"Ümitvar olunuz, şu istikbal inkılâbı içinde en yüksek gür sada İslâm'ın sadası olacaktır."

Piyasalar

Risaleler nasıl “yazdırıldı?”

M. Latif SALİHOĞLU
06 Kasım 2025, Perşembe
İnsan bilmediği ve aklının almadığı şeye çoğu kez karşı gelir, muhalefet eder. Hatta, bu hususta nihaî sınıra işaret eden şöyle bir darb-ı mesel var: İnsan cahili olduğu şeyin düşmanıdır.

Bu noktadan hareketle diyebiliriz ki: Bediüzzaman Said Nursî’ye ve onun telif etmiş olduğu Nur Risalelerine karşı gelen, muaraza eden, yahut düşmanlık besleyenlerin çoğu, o zâtı hakkıyla bilmiyor, tanımıyor. Eserlerini de dikkatlice ve anlayarak okumuyor, tahkikli bir sûrette mütalaa etmiyor.

Bu sebeple, kimisi sathî bir nazarla bakıp mahiyetini bilmeden ve anlamadan kısmen veya tamamen karşı geliyor; kimisi de, itikaden muhalif ve muarız olduğu için harbî düşmanlık besliyor.

Harbî düşmanlık yapanları anlamak kolay olduğu gibi, onlara susturucu cevap vermek de zor bir iş değildir. Zor olan, Hz. Üstad’a dost gibi görünüp yazdıklarına karşı gelenlerin ikna edilmesidir. Bir de, Üstad’ın sözlerini bilerek ve kasten çarpıtanlar var ki, onların çoğu ümitsiz vaka haline gelmişlerdir.

*

Üstad Bediüzzaman, birçok yerde Kurân’ın malı olan Risale-i Nur’daki bahislerin kendisine “yazdırıldığını” söylüyor. İşte birkaç örnek:

Kastamonu Lâhikası’ndan iki cümle: “...Daha var; fakat, şimdi bu kadar yazdırıldı.” “...Bu meseleye dair yalnız iki-üç satır yazmak niyet edip başlarken, ihtiyarım haricinde olarak uzun yazdırıldı.”

Barla Lâhikasında, Hulusî Bey’in mektubundaki bir ifade: “Eserlerin Nur ism-i azîminin tecellîsi olduğuna, ihtiyaca ve hâl-i âleme göre yazdırıldığına bence asla şüphe kalmamıştır.”

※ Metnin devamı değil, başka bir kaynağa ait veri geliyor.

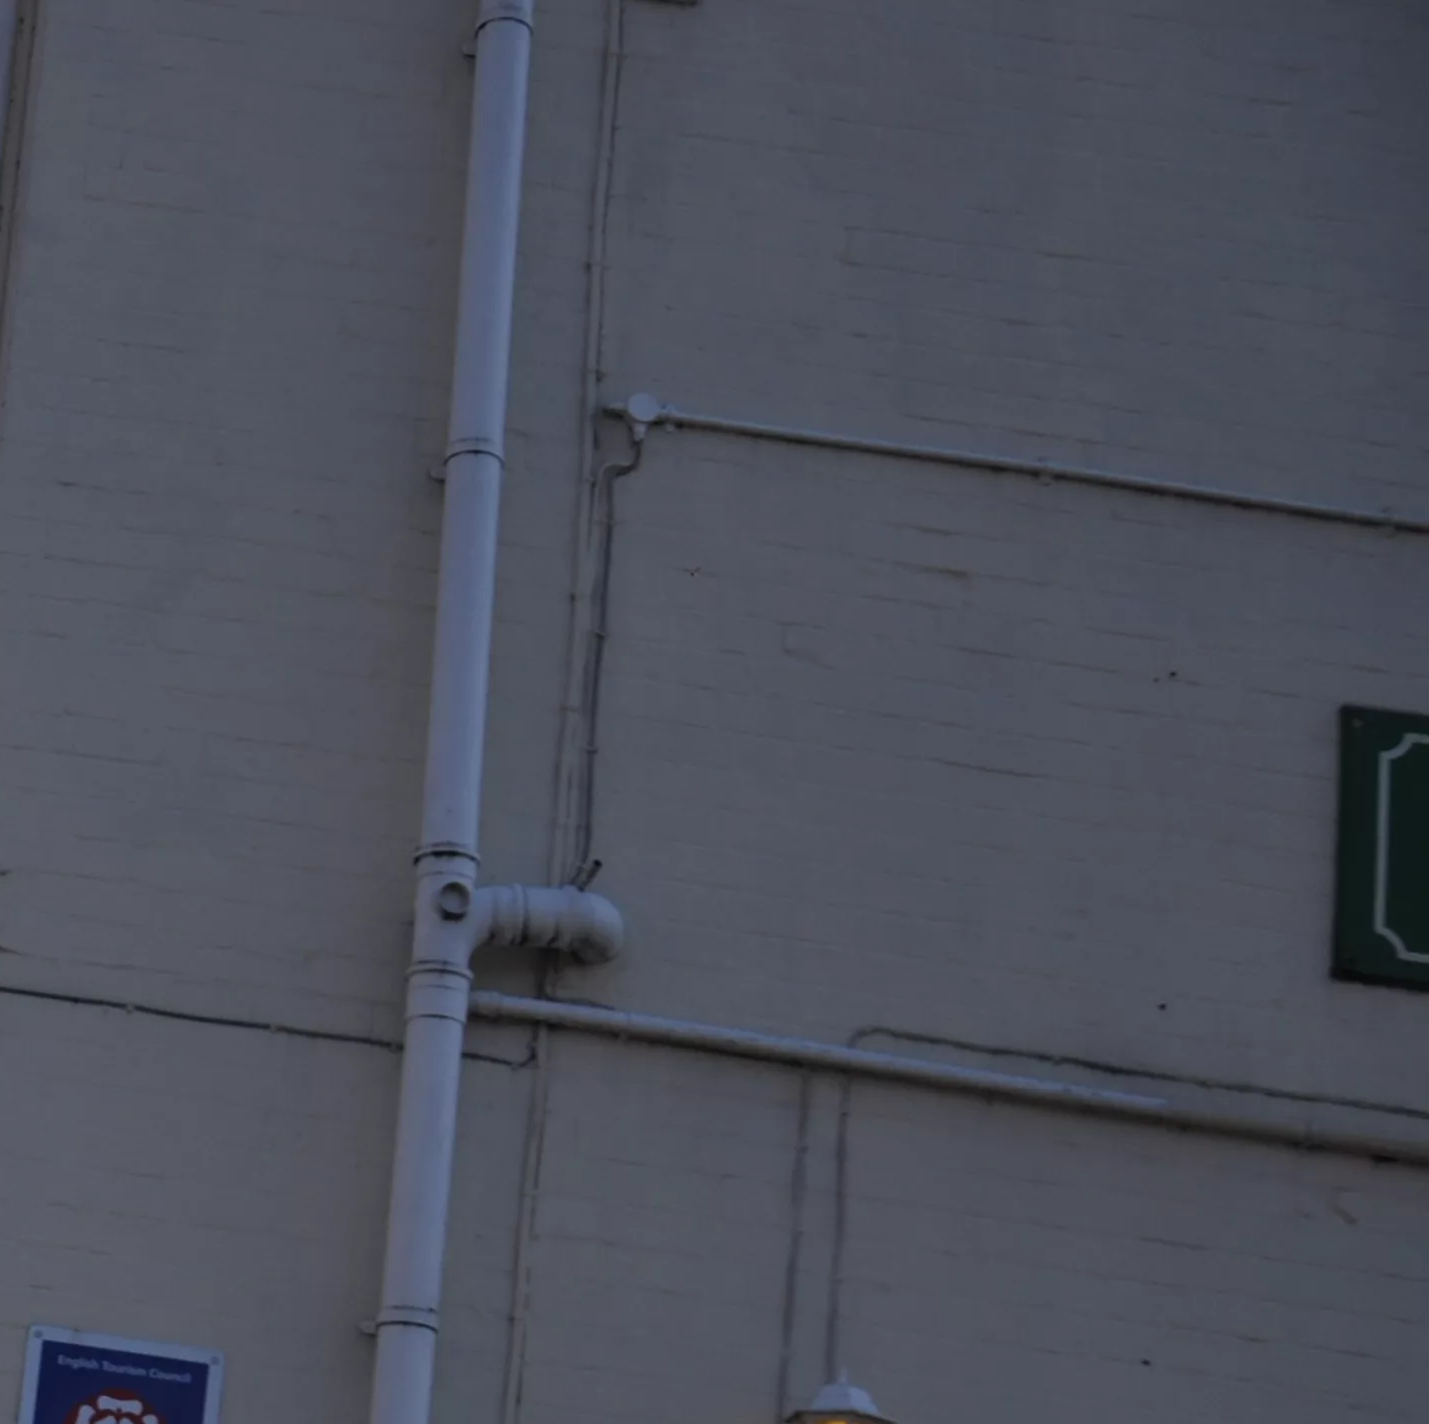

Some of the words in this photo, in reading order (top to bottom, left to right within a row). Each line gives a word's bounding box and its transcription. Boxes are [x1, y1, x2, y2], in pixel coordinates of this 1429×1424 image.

[57, 1354, 100, 1370] English
[101, 1360, 147, 1377] Tourism
[148, 1367, 192, 1384] Council
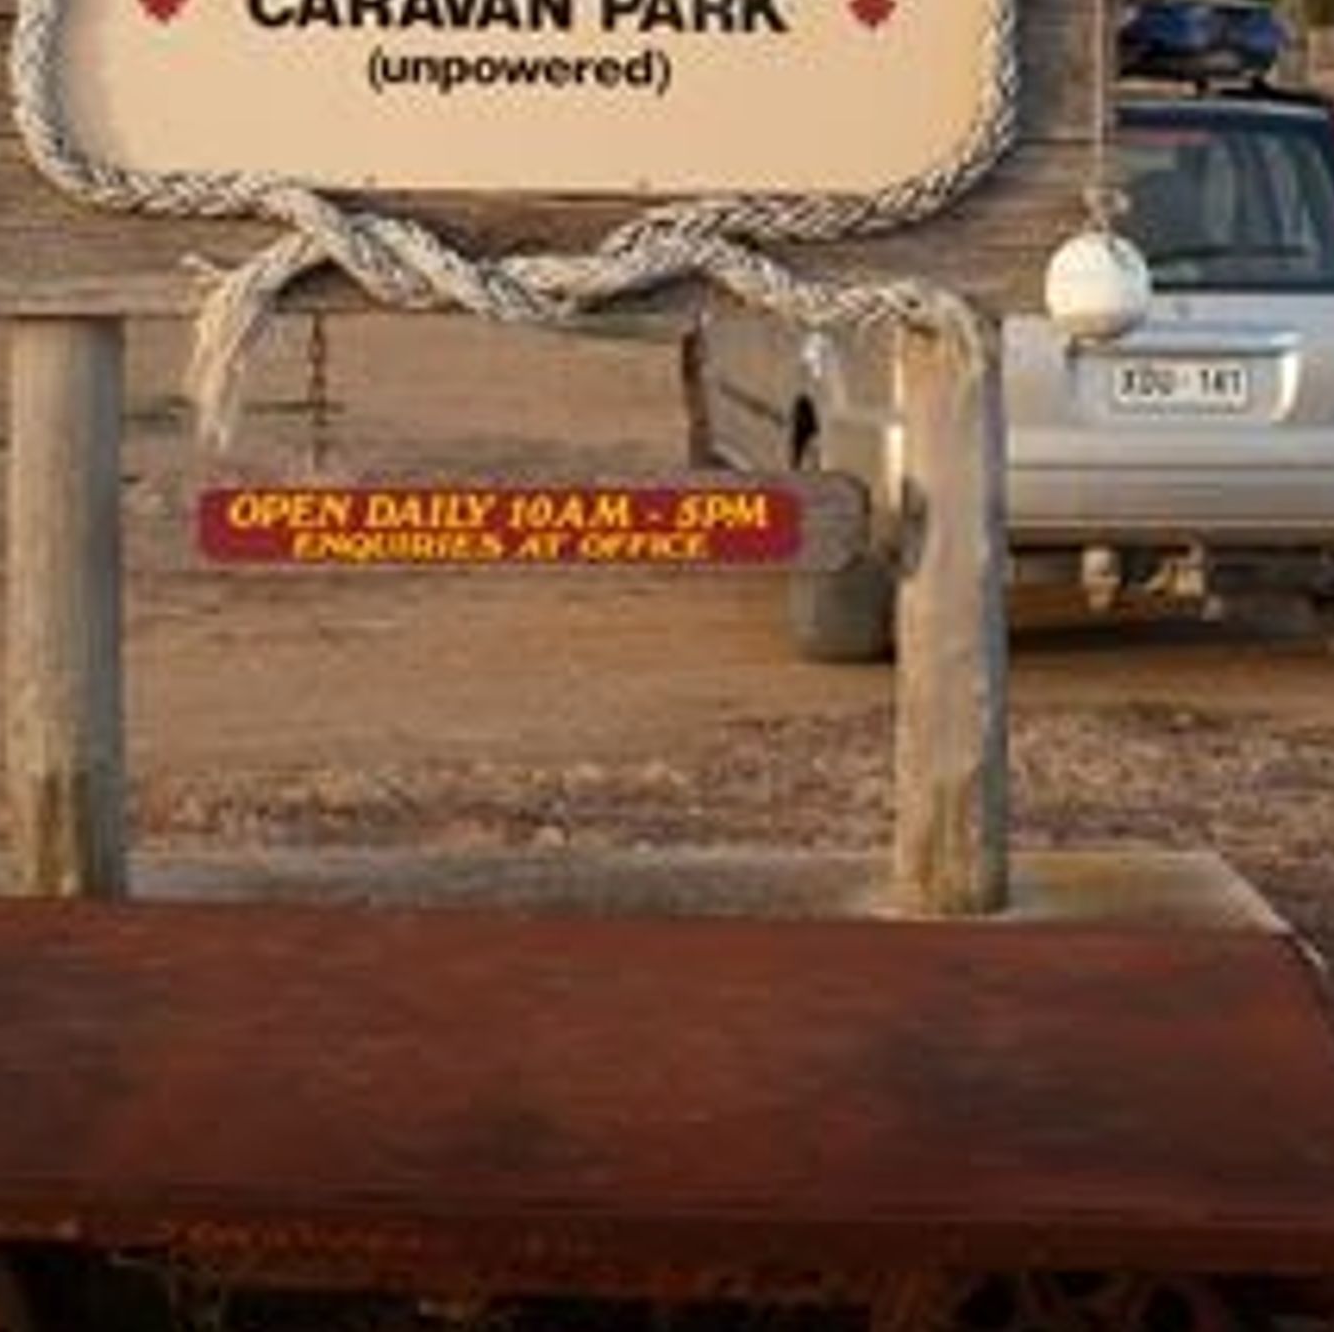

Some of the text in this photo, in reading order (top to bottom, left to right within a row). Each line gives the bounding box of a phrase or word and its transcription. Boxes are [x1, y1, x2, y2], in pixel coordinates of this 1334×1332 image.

Meyve Risalesindeki Onuncu Meselenin Haşiyesinde geçen bir ifade: “...Sebebiyle, bana gayet sıkı ve sıkıcı ve sıkıntılı bir hâlette bu Onuncu Mesele yazdırıldı tahmin ediyorum.”

On Üçüncü Şuâ’daki bir ifade: “...Dehşetli ve gizli bir zındıka komitesi, şimdi doğrudan doğruya küfr-ü mutlak hesabına bize hücum etmek ihtimaline karşı, güneş gibi zâhir ve şüphe bırakmaz ve dağ gibi metin, sarsılmaz olan Meyve Risalesi onlara karşı en kuvvetli bir müdafaa olup onları susturacak diye bize yazdırıldı zannediyorum.”

Yedinci Şua olan Ayetü’l-Kübra Risalesinin Mukaddimesine dair bir ifade: “Bu gelen mukaddime, bir derece uzun olması ihtiyarsız olmuştur. Demek, ihtiyaç var ki öyle yazdırıldı.”

Yirmi Altıncı Lemâ olan İhtiyarlar Risalesindeki On Birinci Ricanın sonlarında geçen bir ifade: “Bu uzun macerayı, ihtiyarlığımın rica kapıları içinde derci, âdeta ihtiyarımla olmadı. İstemiyordum, belki usandıracak diye çekiniyordum. Fakat bana yazdırıldı diyebilirim.”

Misaller daha da çoğaltılabilir.

*

İyi niyet sahipleri, söz konusu metinlerde geçen “yazdırıldı” ifadesinin hangi maksatla kullanıldığını tahkik ederek öğrenebiliyor. Art niyetli olanlar ise, o tabire peşinen farklı bir mana vererek saldırı vaziyetini takınıyor. Hatta yalan ve iftira ile zihinleri bulandırmaya çalışıyor. Meselâ diyorlar ki: “Said Nursî, bana vahiy geldi; kitaplar bana o şekilde yazdırıldı” diyor.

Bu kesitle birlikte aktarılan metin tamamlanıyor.